Krakowskie potwory to nowy polski serial Netflixa. Czy warto obejrzeć polskie fantasy?
Krakowskie potwory to przedziwny twór, któremu trzeba oddać jedno: są tu dostrzegalne starania, by twórcy w naszym kraju w końcu przestali wałkować kryminały i zaproponowali nam inny gatunek. Fantasy to w końcu coś, co polskiemu widzowi kojarzy się z żartem, jakim był
Wiedźmin. Nie mogę więc odmówić artystom ambicji i chęci, by coś zmienić na naszym rynku dzięki Netflixowi. Inspiracje słowiańską mitologią to kapitalny pomysł z ogromnym potencjałem. Istniało ryzyko - z uwagi na artystyczne zapędy rodzimego kina - że tytułowe krakowskie potwory będą wydumaną metaforą. Na szczęście nie są, ale to nie ratuje tego serialu.
Nie da się ukryć, że potencjał jest, a klimat budowany przez słowiańską mitologię momentalnie działa. Odcinki - zwłaszcza te reżyserowane przez
Kasię Adamik - mają swój wizualny charakter. Świetne zdjęcia temu pomagają, bo pod tym kątem to wygląda naprawdę dobrze. Napięcie zaś jest budowane skrupulatnie. Niestety, na tym kończą się zalety produkcji.
Zbyt wiele tutaj niedoróbek, dziwnych decyzji. Scenariusz sprawia wrażenie fanfika czerpiącego pełnymi garściami z wszelkiego rodzaju teen dramy. Tu nie ma jakości, która dałaby widzom przyjemność z seansu. Bohaterowie to chodzące i diabelnie irytujące stereotypy. Nie da się dostrzec w tym nawet ułamka oryginalności, polskiego charakteru czy ciekawego pomysłu.
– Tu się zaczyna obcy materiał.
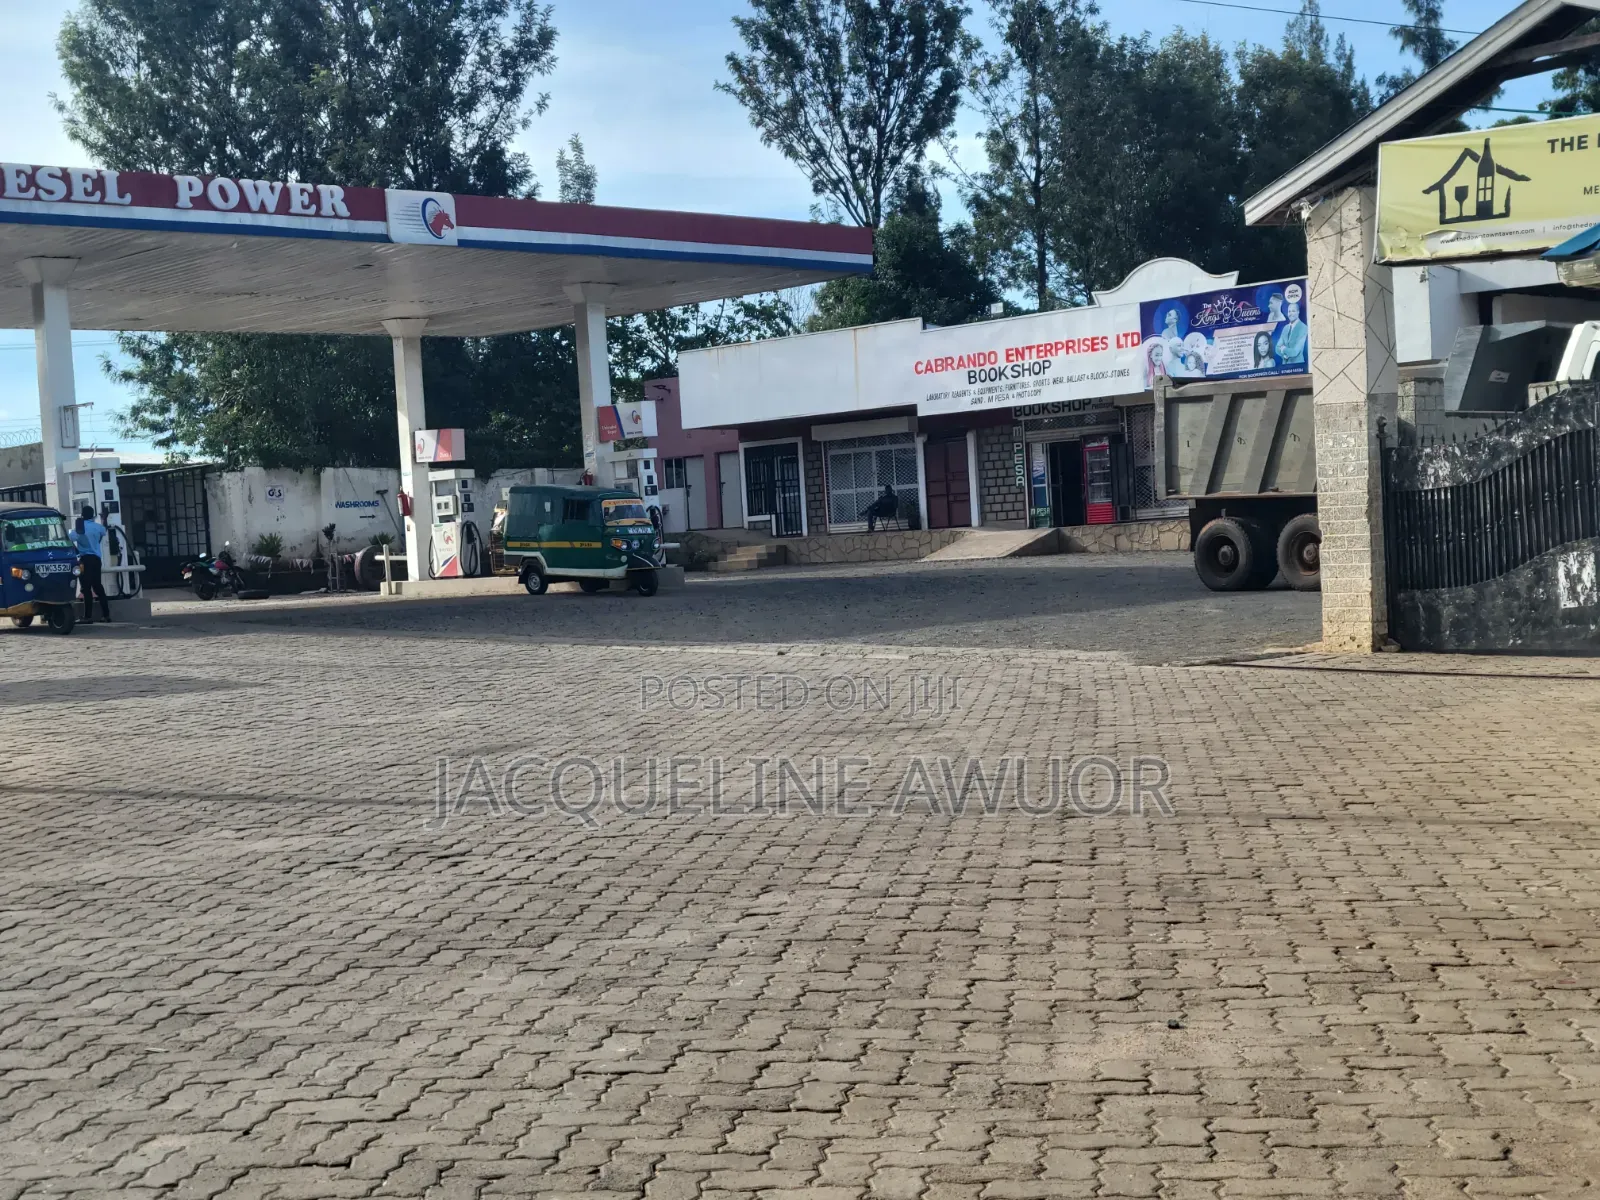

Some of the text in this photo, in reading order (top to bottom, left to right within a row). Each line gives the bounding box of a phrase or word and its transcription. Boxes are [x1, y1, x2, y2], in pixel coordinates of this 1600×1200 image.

Główna bohaterka oczywiście jest kimś wyjątkowym, wybranym, tylko ona może uratować dzień. Szkoda, że rzeczy, które ma robić na ekranie, sprawiają, że bardziej antypatycznej postaci nie znajdziecie na Netfliksie. W tle mamy gorący romans z bad boyem, który z minuty na minutę staje się jej wielką miłością - przynajmniej tak twórczynie nam wmawiają, bo uwierzyć się w to nie da. Udała się więc rzecz niesłychana: ten wątek romantyczny ma mniej sensu i wiarygodności niż niesławny
Zmierzch, a niektóre sceny są bardziej kuriozalne niż reklama lodów w kontynuacji
50 twarzy Greya. Kłopot w tym, że ta grupa obdarzona nadnaturalnymi zdolnościami nie jest złożona z ludzi z krwi i kości. Aktorzy robią, co mogą, ale to gatunkowe stereotypy, które przez fatalnie prowadzone pomysły i karygodnie rozpisany scenariusz nie są w stanie być czymkolwiek więcej. Nudne, frustrujące, puste i nieciekawe. Casting też niestety nie wygląda najlepiej. Nikt tutaj nawet nie próbuje poświęcić chwili na sensowną ekspozycję tych postaci.
Gdy oglądałem
Krakowskie potwory, dopadło mnie przekonanie, że może na papierze to wszystko jakiś tam sens miało, ale na ekranie straciło go całkowicie. W pierwszych odcinkach Kasi Adamik mamy klimat i napięcie. Serial potrafi zaangażować do chwili, gdy... postacie zaczynają mówić. Dialogi brzmią tak nierealne, sztucznie i wydumanie, że można powiedzieć jedno: nikt tak nigdzie nigdy nie mówi. To oczywiście przenosi się na zachowania poszczególnych postaci, w których prym wiedzie główna bohaterka i masa... niedopowiedzeń. Ekspozycja historii jest iluzoryczna, a wszelkie informacje są oparte na powierzchownym banale. Ten serial powinien naprawdę wgryźć się w mitologię słowiańską i pokazać nam coś świeżego, a oferuje odtwórczy miks
X-Menów z
Pamiętnikami wampirów, tylko bez pomysłu na budowę opowieści. Do tego cała wtórność objawia się w budżetowych inspiracjach: jedna postać ma na rękach namalowane oczy (wyglądają jakby narysowane długopisem), które przykłada do swoich prawdziwych oczu jak Pale Man z
Labiryntu Fauna Guillermo del Toro. Tam to była klimatyczna, niepokojąca postać, tu jest cringe. Andrzej Chyra przez chwilę był profesorem X, a później scenarzyści zapomnieli, kim tak naprawdę ma być w tej historii. Nie dostajemy żadnych odpowiedzi, rzeczowego budowania narracji czy zasad ekranowego świata. Nacisk został położony na atmosferę i - przyznaję - jej niepokojący charakter czasem (z naciskiem na czasem!) sprawdza się, ale gdy wszystko opiera się na ogólnikach, słowiańskość nic tu nie zmienia i wkrada się nuda. Tego nie ogląda się dobrze, bo historia jest zbyt powierzchowna i nieciekawa. Nie ma wartości, której szukamy w tego typu serialach. Oczywiscie kwestia mitologii słowiańskiej dodaje temu czegoś wyjątkowego i to jest duży plus, ale na ekranie nie wyszło to najlepiej.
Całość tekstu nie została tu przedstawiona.